FIG. 1C shows a plan view of radiating element 103 according to the embodiment of the invention illustrated by FIGS. 1A and 1B. As shown in FIG. 1C, radiating element 103 is formed from a single sheet of a conductor (e.g., copper) that can be stamped, cut, or otherwise formed to provide the geometries disclosed herein. Radiating element 103 includes a plurality of slots and asymmetries cut, or otherwise formed, in radiating element 103. The slots have several purposes. For instance, the slots lengthen the effective radiating current path of radiating element 103, thereby allowing reduction of the radiating element's size. Also, the slots and asymmetries introduce radiating current paths of differing lengths, which allows excitation of two modes. The asymmetries are designed to ensure that the current paths produce two signals of substantially equal magnitude and 90° out of phase and are described in more detail below.

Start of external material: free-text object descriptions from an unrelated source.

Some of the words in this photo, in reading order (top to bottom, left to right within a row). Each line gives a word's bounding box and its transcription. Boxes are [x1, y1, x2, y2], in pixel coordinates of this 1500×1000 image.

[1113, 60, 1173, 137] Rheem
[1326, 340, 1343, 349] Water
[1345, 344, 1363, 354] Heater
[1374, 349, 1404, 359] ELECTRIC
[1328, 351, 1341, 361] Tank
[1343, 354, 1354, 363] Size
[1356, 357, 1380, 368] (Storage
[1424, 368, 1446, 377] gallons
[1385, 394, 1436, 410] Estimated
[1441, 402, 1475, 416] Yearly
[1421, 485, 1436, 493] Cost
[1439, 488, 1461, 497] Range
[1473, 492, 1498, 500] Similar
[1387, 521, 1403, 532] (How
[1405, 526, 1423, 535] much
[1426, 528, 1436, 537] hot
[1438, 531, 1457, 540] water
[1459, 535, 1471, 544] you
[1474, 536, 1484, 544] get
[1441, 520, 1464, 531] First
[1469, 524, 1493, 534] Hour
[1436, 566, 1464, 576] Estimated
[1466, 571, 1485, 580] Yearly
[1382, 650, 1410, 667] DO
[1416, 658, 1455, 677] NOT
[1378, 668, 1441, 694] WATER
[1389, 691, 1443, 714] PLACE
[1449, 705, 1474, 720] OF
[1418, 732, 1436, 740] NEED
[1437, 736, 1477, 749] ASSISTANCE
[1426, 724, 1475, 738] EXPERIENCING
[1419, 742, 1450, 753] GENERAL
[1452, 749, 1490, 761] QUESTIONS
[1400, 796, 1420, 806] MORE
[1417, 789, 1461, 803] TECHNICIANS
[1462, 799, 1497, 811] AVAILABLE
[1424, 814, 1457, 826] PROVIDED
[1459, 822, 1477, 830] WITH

In the embodiment illustrated by FIG. 1C, radiating element 103 includes slots 105A-105D. Each of slots 105A-105D radiates inwardly towards the center of radiating element 103. Each of slots 105A-105D is orthogonal to adjacent slots (i.e., the slots are at 90° angles to neighboring slots). Slots 105A-105D define arms 106A-106D.
Each of arms 106A-106D includes a slot 107A-107D, respectively, that defines two fingers. As shown in FIG. 1, each of arms 106A-106D is asymmetrical—the two fingers of each arm are different lengths. This asymmetry provides for radiation paths of different lengths within radiating element 103. That is, the different lengths of the fingers on allow radiating element 103 to generate and/or receive CP signals. The lengths are selected to cause simultaneous excitation of two orthogonal patch modes substantially equal in amplitude and 90° out of phase.
FIG. 1C illustrates the dimensions of radiating element 103 in terms of λ0 . The dimensions of slots 105A-105D are identical. Similarly, the dimensions of slots 107A-107D are identical. Consequently, the dimensions of arms 106A-106D and fingers 108A-108D and 109A-109D are identical; however, as illustrated in FIG. 3, the arms are oriented differently. As discussed further below, with respect to FIGS. 2A-2D, the disclosed pattern can be used to generate and receive circularly polarized signals.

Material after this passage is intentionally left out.